• Information given:
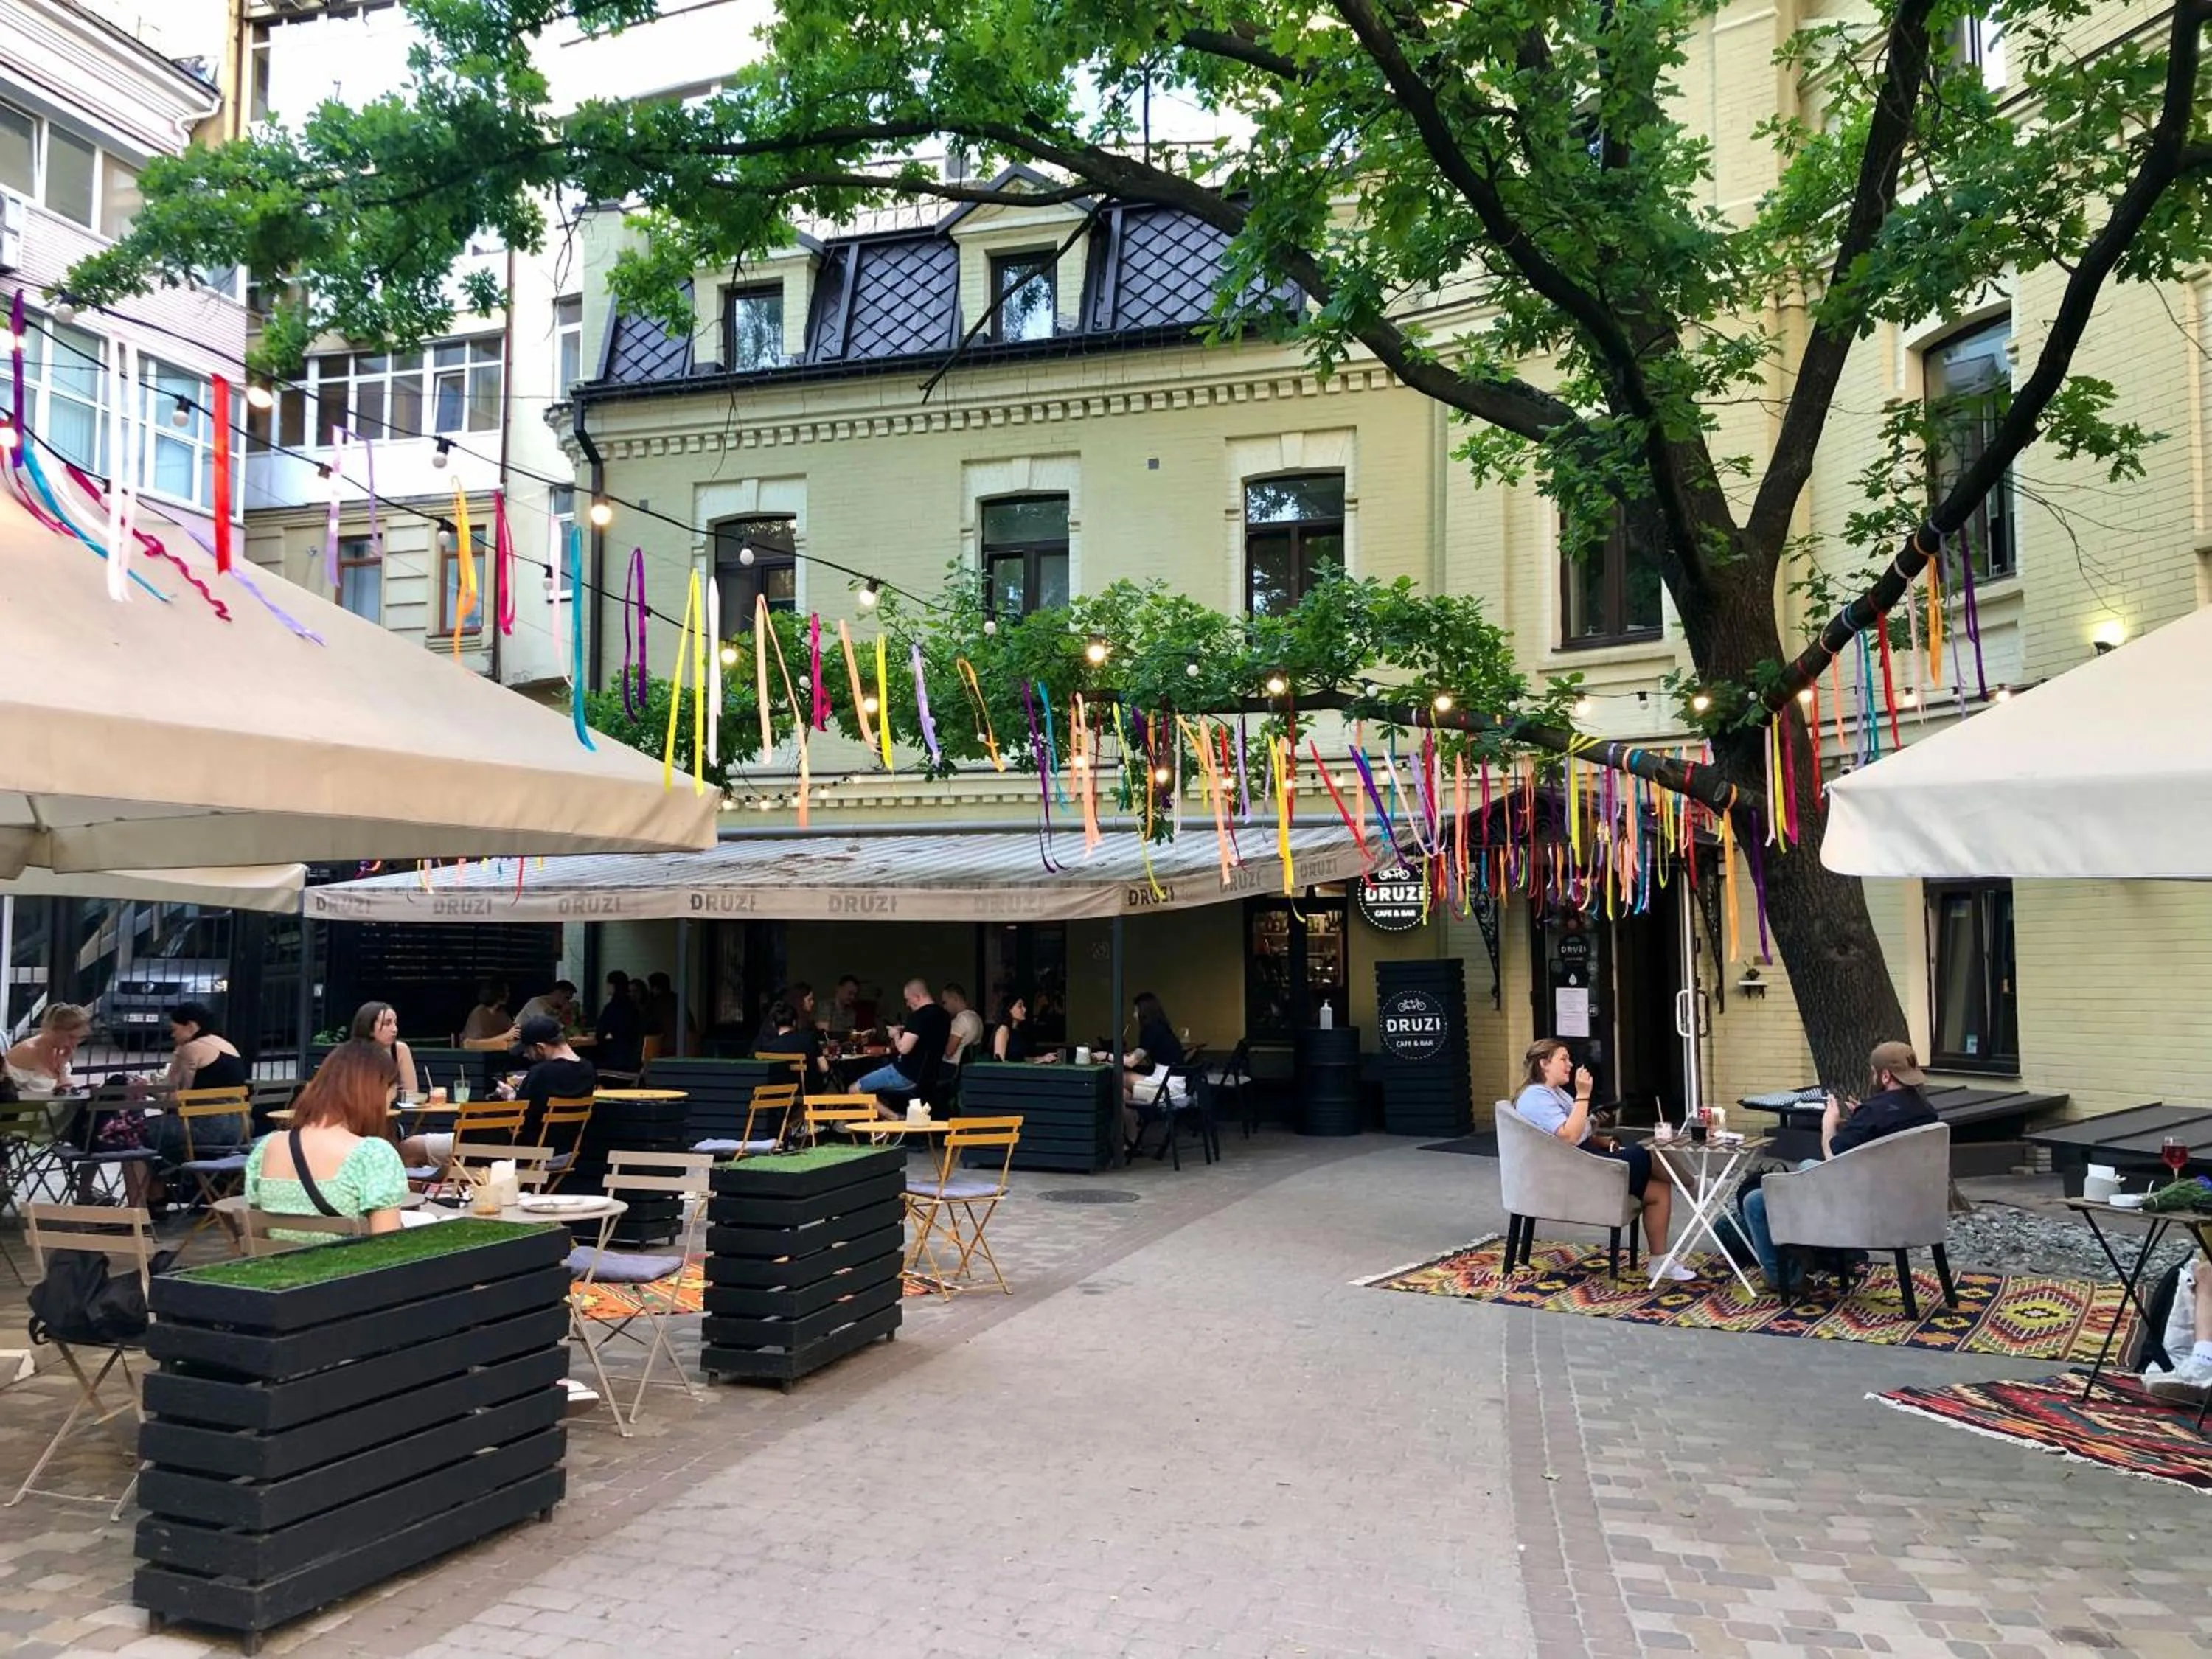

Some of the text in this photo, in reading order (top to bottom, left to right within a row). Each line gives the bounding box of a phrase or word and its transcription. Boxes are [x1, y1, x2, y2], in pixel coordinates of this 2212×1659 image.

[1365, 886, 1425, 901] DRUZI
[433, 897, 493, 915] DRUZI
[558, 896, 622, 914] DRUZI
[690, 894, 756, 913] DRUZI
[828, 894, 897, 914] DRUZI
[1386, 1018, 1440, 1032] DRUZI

• Exercise details:
Exactly as given, set down each line of the material, but include no pictures.

• Solved problem:
Some of the text in this photo, in reading order (top to bottom, left to right within a row). Each line gives the bounding box of a phrase or word and its transcription. Boxes are [x1, y1, x2, y2], in pixel coordinates of this 2212×1659 image.

[1365, 886, 1425, 901] DRUZI
[433, 897, 493, 915] DRUZI
[558, 896, 622, 914] DRUZI
[690, 894, 756, 913] DRUZI
[828, 894, 897, 914] DRUZI
[1386, 1018, 1440, 1032] DRUZI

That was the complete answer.